Wednesday, May 07, 2003

The Caterpillar Steamroller

WASHINGTON - The road and transportation industry is already rolling its heavy equipment into town to lobby for the reauthorization of the Transportation Equity Act for the 21st Century, which is set to expire this September.

The law authorizes the U.S. federal government's 45% share--now $38.8 billion a year--of all capital spending on highways and mass transit. But the industry wants more.

Some background: When the transportation act, known as TEA-21, was enacted in 1998, it tied spending levels to revenue collected by the government from highway user fees (various taxes on fuels, tires and so on) and credited to the highway account of the Highway Trust Fund. At the time, this was considered a victory for the highway lobby, since Congress had been allowing unspent money to accumulate in the Trust Fund to make the federal budget deficit look smaller. After TEA-21, the federal government spent what it collected.

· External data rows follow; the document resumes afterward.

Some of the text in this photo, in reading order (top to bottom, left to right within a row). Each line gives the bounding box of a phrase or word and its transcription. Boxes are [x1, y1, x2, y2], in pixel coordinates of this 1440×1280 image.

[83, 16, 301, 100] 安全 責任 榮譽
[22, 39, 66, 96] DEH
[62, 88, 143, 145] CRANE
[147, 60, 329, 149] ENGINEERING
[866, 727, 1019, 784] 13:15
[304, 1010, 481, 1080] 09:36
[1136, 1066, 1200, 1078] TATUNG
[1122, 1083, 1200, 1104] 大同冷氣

But in 1999, just a year after TEA-21 went into effect, the American Road and Transportation Builders Association (ARTBA) began preparing for their next offensive. Those preparations have gotten intense. Last week, ARTBA, along with the Associated General Contractors of America, held a legislative "fly-in": 500 people signed up, representing 28 construction and building associations and union groups.

Fanning out on Capitol Hill, those groups carried the standard of one of ARTBA's primary goals: to move TEA-21 from a receipts-driven, "revenue in/spending out" setup toward more of a needs-driven approach. What that means is the road builders want spending determined by various assessments from the Department of Transportation and others of what's needed to maintain and improve the transportation infrastructure in the U.S. If receipts coming into the Highway Trust Fund fall short of those needs, the lobby argues Congress should close the gap.

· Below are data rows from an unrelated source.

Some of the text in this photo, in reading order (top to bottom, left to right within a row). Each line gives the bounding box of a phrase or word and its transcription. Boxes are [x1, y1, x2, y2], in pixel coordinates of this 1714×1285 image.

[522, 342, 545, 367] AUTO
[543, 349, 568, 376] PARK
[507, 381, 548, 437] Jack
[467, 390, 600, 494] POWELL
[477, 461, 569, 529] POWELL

Highway and transit builders have a strong reason to want to focus on needs rather than receipts. Starting in 2002, receipts from user fees began to drop significantly, thanks largely to the impact of a slower economy and increased sales of gasahol, an Ethanol-based fuel that isn't taxed for the Highway Trust Fund and is heavily subsidized--thanks to the farm lobby and the efforts of Archer Daniels Midland.